Bovine Viral Diarrhea Virus (BVDV)

 


Bovine Viral Diarrhea Virus (BVDV)

Bovine viral diarrhea virus or BVDV is one of the most expensive bovine diseases in the world. But the power to control BVDV is within reach. The initial step is to understand how BVDV enters a herd and how the infection spreads.
BVDV is a member of the Pestivirus genus and it is a highly contagious virus that can infect cattle of all ages in any herd size and anywhere in the world. BVDV causes a variety of serious health problems. Cows and bulls are often infertile while infected and pregnant cows may abort their calves. Infected animals frequently have diarrhea, bruises, or bleeding lesions. Their blood may not clot effectively. Young calves that contract BVDV are often weak unthrifty and may have difficulty standing and nursing. BVDV also suppresses the immune system. This makes infected animals susceptible to other animals to other enteric and respiratory diseases such as scours and pneumonia. These illnesses often cause more losses than the BVDV infection itself. Infection weakens the herd and lowers performance and that lowers profits. The virus costs cattle and dairy farms alike anywhere from 7 to 63 euros or 10 to 88 dollars per head. Controlling BVDV is essential to herd health productivity and profit. The trouble is not all be BVDV infections are alike persistent infections are much more serious than transient infections. A transient infection is short-term, it lasts only 10-14 days. Yet can still affect overall herd health. The transiently infected animal is sick and less productive. It’s contagious during infection but usually recovers. After the infection has spread, the animal becomes immune to BVDV infection. A persistently infected animal or PI has a lifelong BVDV infection. The animal is always infected and always contagious. In fact, a PI animal sheds 1000 times more virus than a transiently infected animal. PI animals are the main source of BVDV transmission. They’re the reason the disease is so difficult to eradicate.

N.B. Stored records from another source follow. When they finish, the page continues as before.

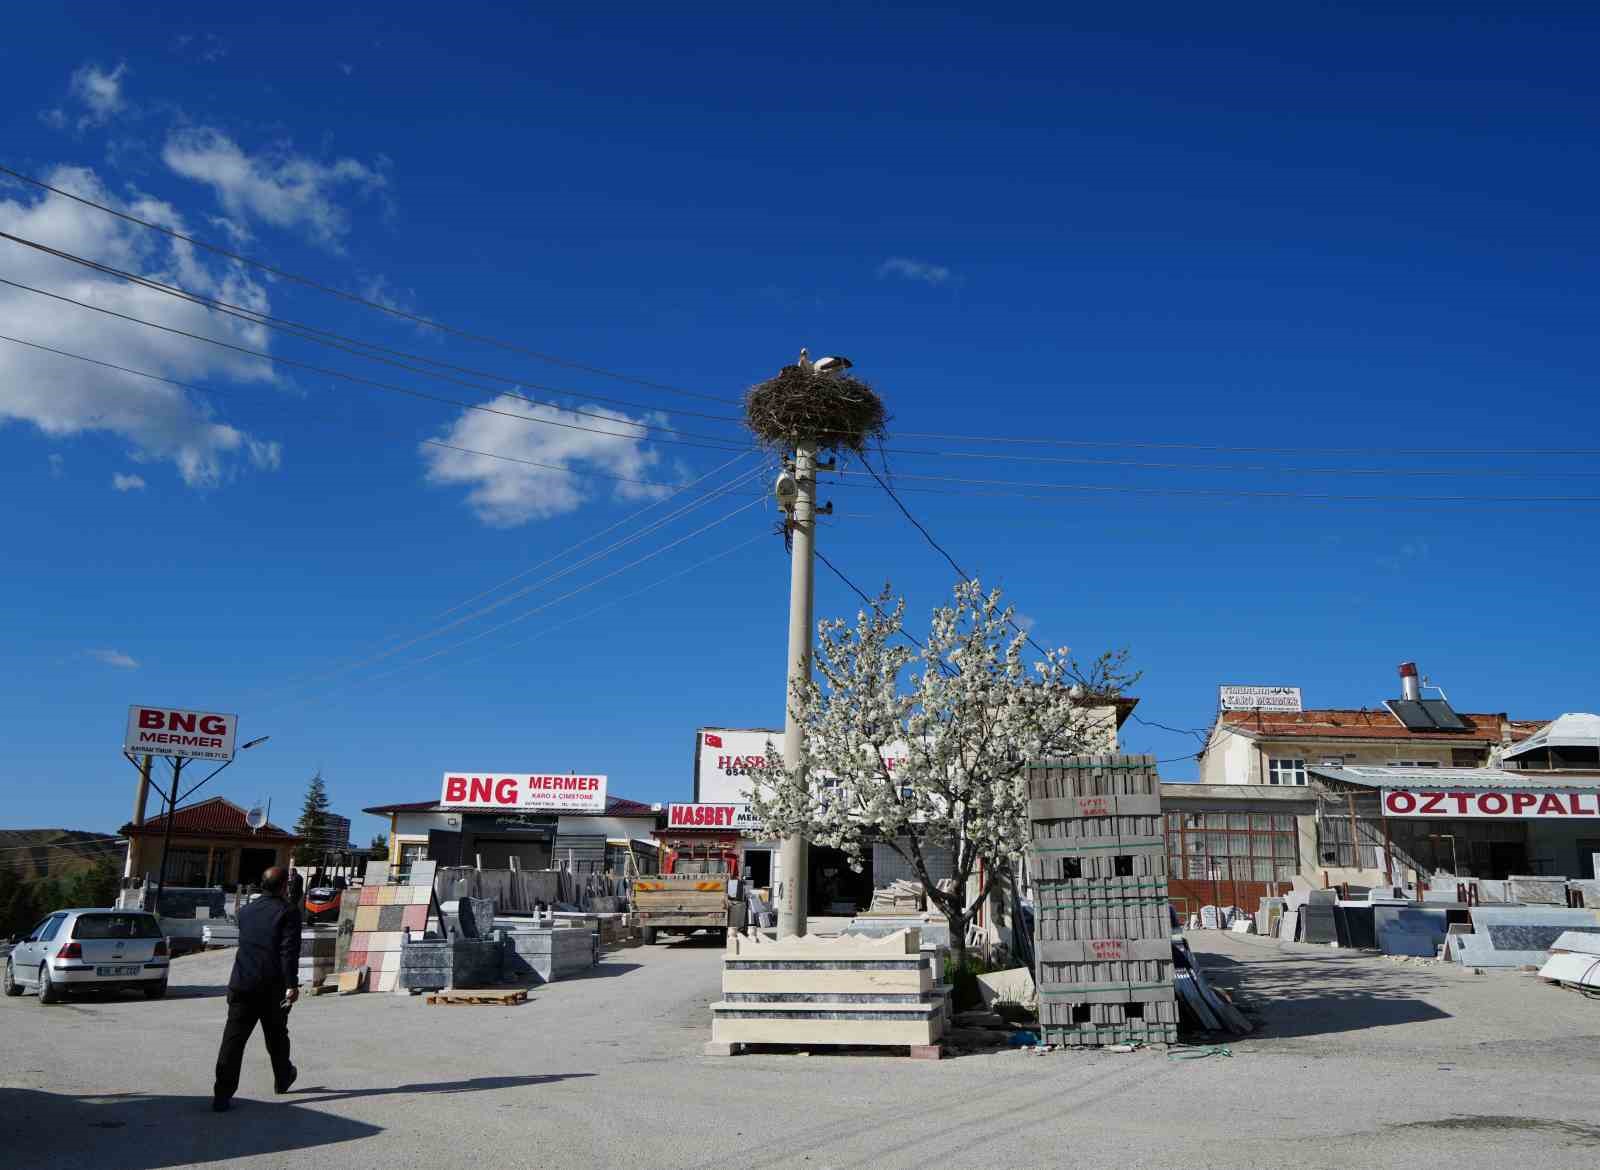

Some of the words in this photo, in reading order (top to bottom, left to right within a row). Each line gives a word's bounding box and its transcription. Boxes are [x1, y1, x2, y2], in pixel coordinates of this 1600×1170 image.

[139, 709, 226, 735] BNG
[140, 732, 222, 748] MERMER
[446, 777, 518, 804] BNG
[529, 777, 599, 791] MERMER
[1387, 789, 1600, 815] ÖZTOPAL
[671, 806, 735, 826] HASBEY
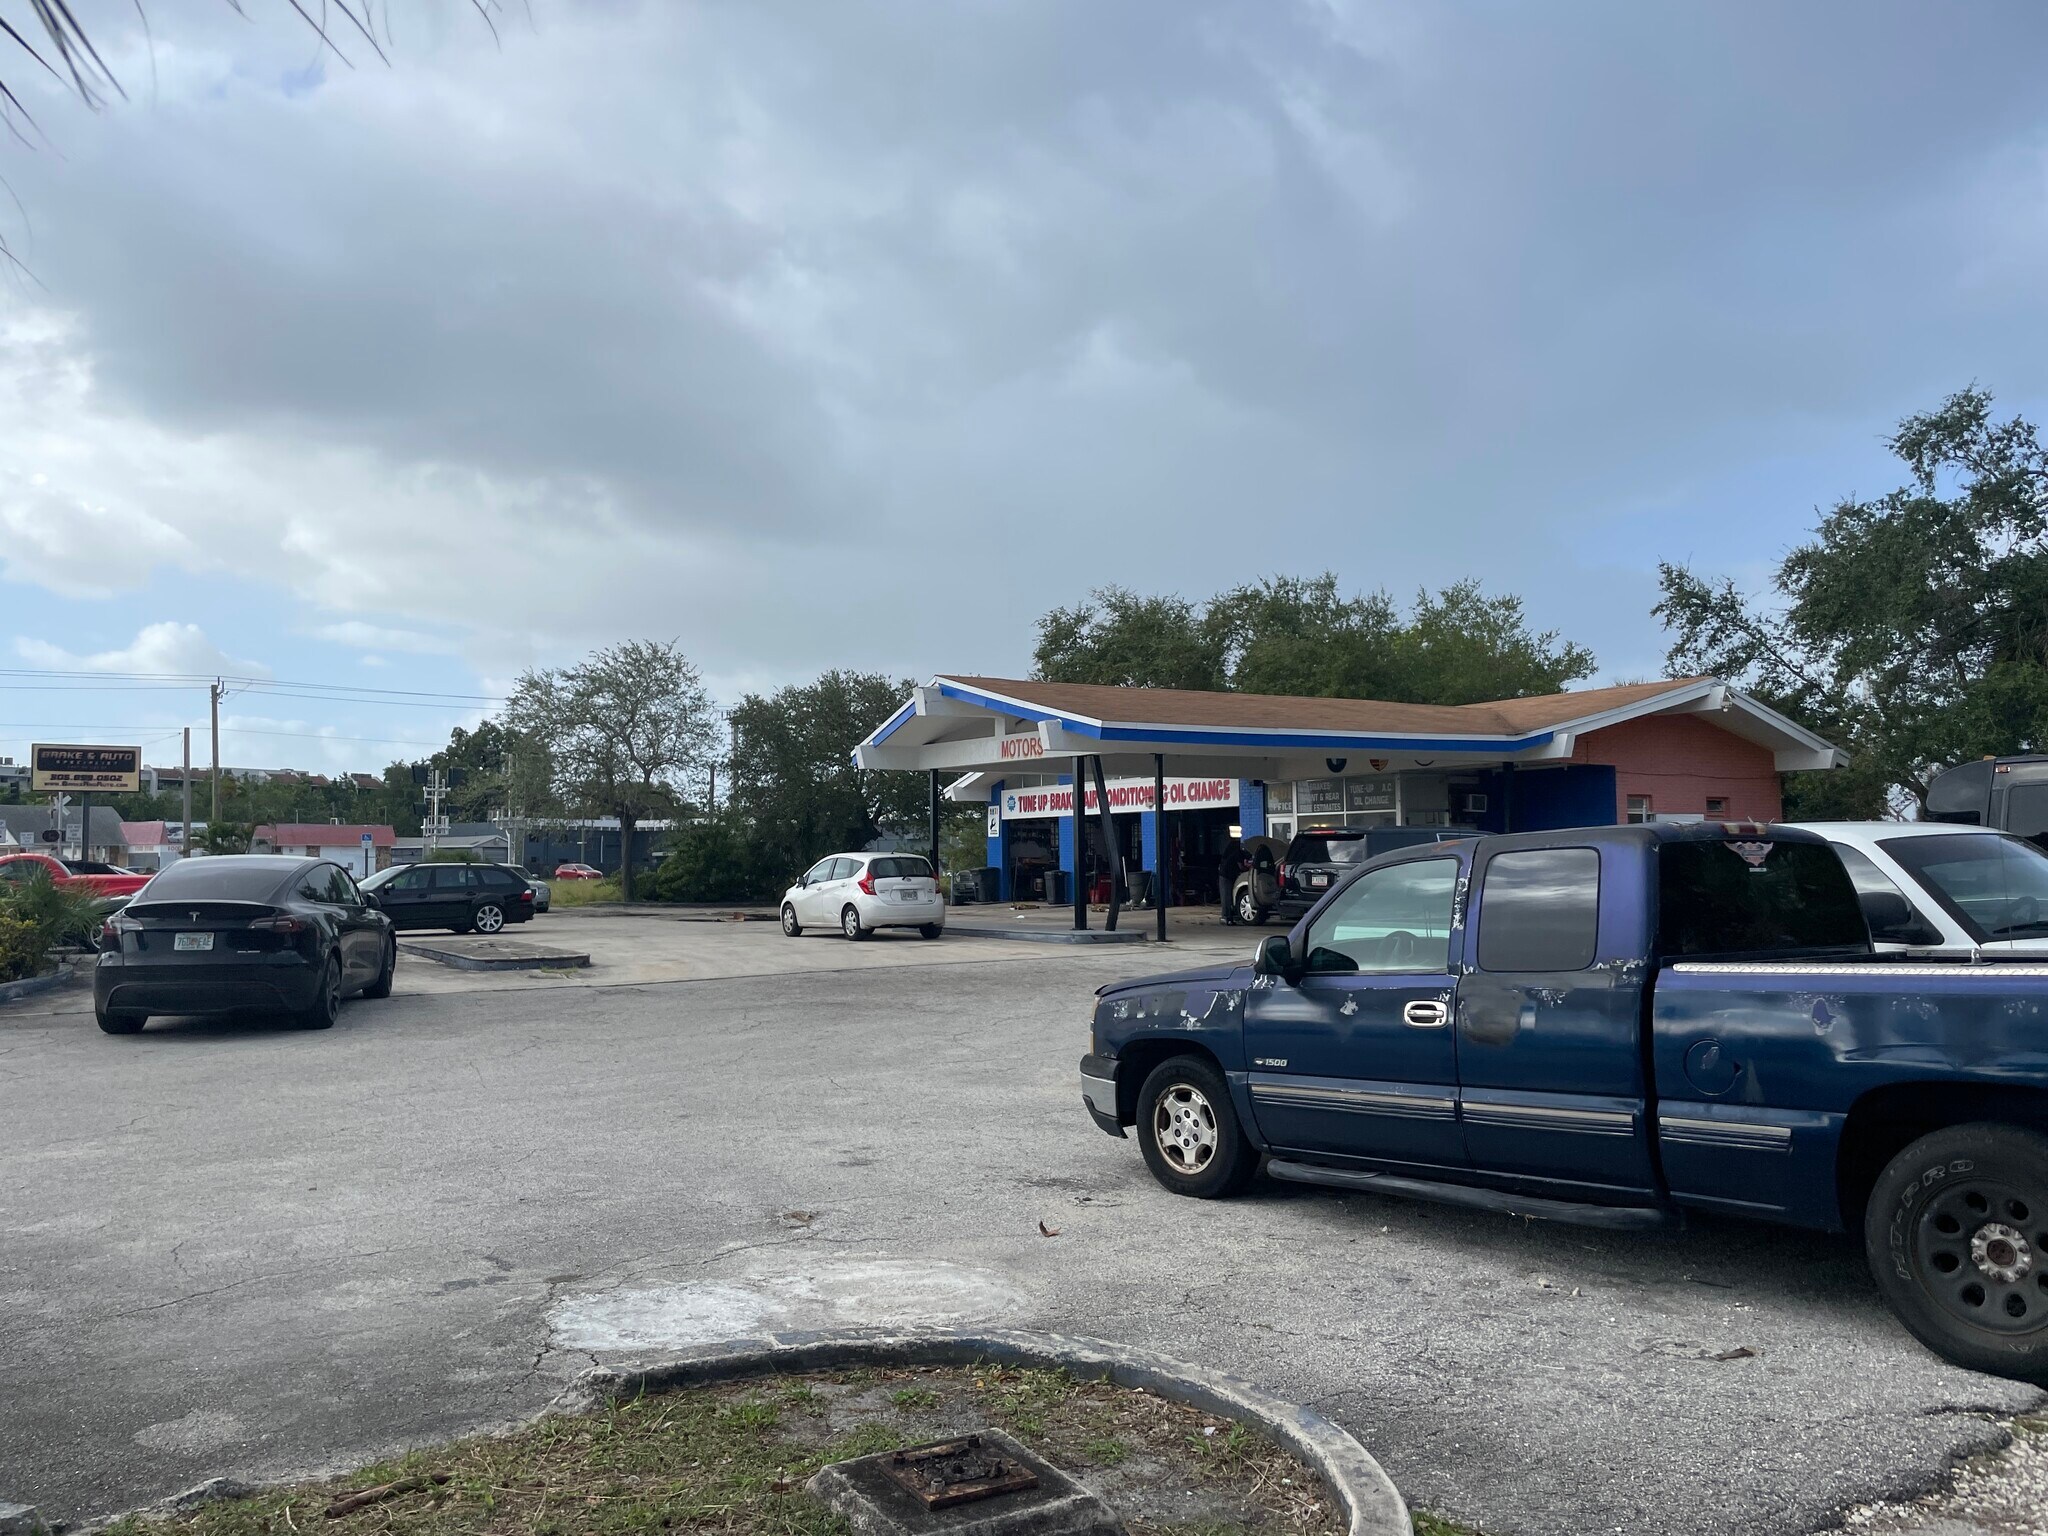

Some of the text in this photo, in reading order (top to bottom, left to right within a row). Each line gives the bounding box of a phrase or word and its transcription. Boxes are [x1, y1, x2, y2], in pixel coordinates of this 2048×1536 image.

[1001, 737, 1043, 758] MOTORS
[41, 751, 83, 760] BRAKE
[87, 752, 96, 760] &
[1018, 795, 1037, 813] TUNE
[1038, 795, 1048, 812] UP
[1084, 790, 1098, 809] AIR
[1170, 783, 1187, 803] OIL
[1188, 779, 1230, 802] CHANGE
[1364, 795, 1390, 805] CHANGE
[1265, 1058, 1288, 1067] 1500

The entrance of BVDV in a healthy herd

A healthy herd becomes infected with BVDV whenever a PI enters the herd. The herd can also become infected when healthy animals have contact with sick animals. This can take place at the fence line or in joining pens. If the infection enters from a transiently infected animal, it spreads through the herd at a slower rate because the transiently infected animal sheds a moderate amount of virus. But if the infection starts from a persistently infected animal, it spreads through the herd quickly. This is because a PI animal sheds 1000 times more virus than a transiently infected one. All the newly infected animals except unborn calves acquire the transient form of BVDV infection. Once infected the animals become weak and unproductive. Other diseases like pneumonia begin to appear. Profits drop as animals become unproductive and expenses rise as animals contract other diseases and require treatment. When BVDV has run its course, most animals recover and develop immunity. But if pregnant cows are infected, they may soon give birth to persistently infected calves. Here’s what happens when a pregnant cow becomes infected with BVDV between 40 days and 120 days gestation. The virus crosses the placenta and infects the unborn calf. At this stage of development, the unborn calf cannot mount an immune response. So, it becomes infected but also tolerant of the virus. These calves are born persistently infected. They will always have BVDV and remain extremely contagious throughout their lives. All persistently infected animals are born with the infection. They cannot become persistently infected in any other way. Many PI calves appear weak and sickly. In addition, many are often stillborn died at a young age, or get mucosal disease. The mortality rate is high. When PI calves die, the farm loses the investment in those calves along with the future profits. Those animals might have produced but PI animals cannot be identified visually. In fact, and this is very important some PI calves appear as healthy as the healthiest animal in the herd. And because PI calves may look healthy. The infection often goes undetected. PI calves may be allowed to join in the herd or they grow to adulthood spreading infection or they may be sold and spread the infection to other farms feed Lots. And if a female PI calf lives to reproduce, her calves will be persistently infected.
The BVDV cycle can be stopped but only if PI animals are detected early and eliminated before they infect other animals.
Biosecurity measures like these can help can protect your herd:
Use diagnostic tests to detect BVDV PI’s
When you identify a PI animal, isolate it immediately
Prohibit contact between PI animals and other animals, in fact, you should prevent the herd from having contact with animals that might carry infection.
Follow this three-step strategy to control BVDV
1. Determine your herd status
2. Test all new introductions to the herd including newborn calves
3. Work with your veterinarian to design an efficient biosecurity and vaccination program where regulations allow.